I was on the (crowded) bus back to IISc from JNC, and there was this portly Bong fellow who bobbed on into the bus and to the seat right behind me. While this in itself would’ve been no problem but for the five seconds the bus shook a bit when he performed said bobbing-about, something else was. The fellow can’t be shut up. He has a million things to say. And he has absolutely no concept of an indoor voice*.
He’s twenty-five years old, for crying out loud. How old do you think somebody has to be before they learn that 100 dB is not how loud conversations inside a closed tin box have to be? How hard can it be to understand that not everybody on the fucking bus wants to know how much you liked the chicken curry? The moron has all the sense of privacy of a raw potato. Not only does he not care about you listening in on his conversation, he practically makes you listen.

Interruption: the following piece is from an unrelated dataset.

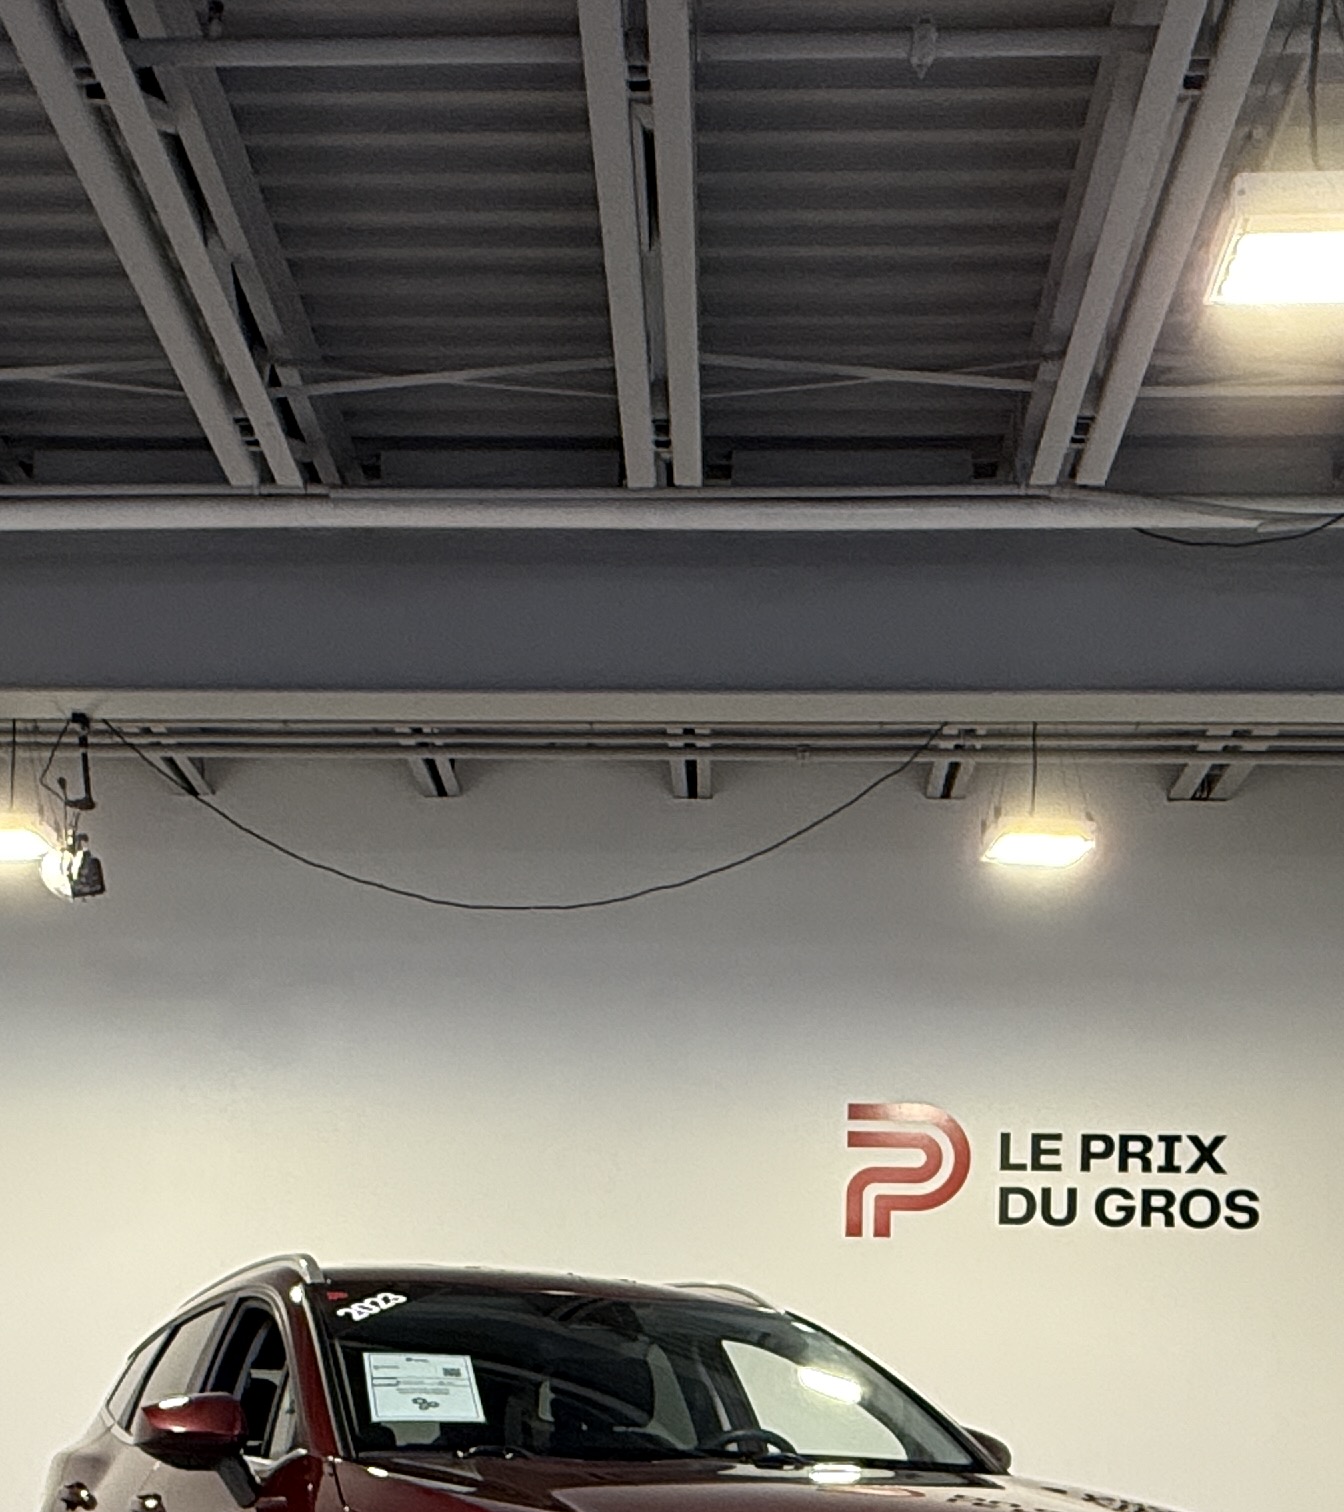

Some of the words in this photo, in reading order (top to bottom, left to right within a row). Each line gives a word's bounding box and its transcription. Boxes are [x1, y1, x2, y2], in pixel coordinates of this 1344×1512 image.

[999, 1131, 1063, 1172] LE
[1080, 1133, 1228, 1175] PRIX
[998, 1186, 1078, 1227] DU
[1094, 1187, 1260, 1230] GROS

I’ve seen this often enough with Bongs that I am going to make the (patently silly) generalisation that all Bongs are indoor-voice* impaired. The only other people who seem to be this way are Tams. They have no concept of an inside voice either. None. Adult men and women talking about things that nobody but they could possibly be interested in, at the top of their voices.
And to top it all, the traffic was murderous. I endured a full forty-five minutes of nonsense yelled in a voice that can’t charitably be compared with a frog’s croaking.
‘Double damn with an extra side-order of damn!’.
* This is what happens when you let an article write itself. I meant ‘indoor’ voice, as in speech in a volume appropriate for an enclosed space, not ‘inside’ voice, as in schizophrenia.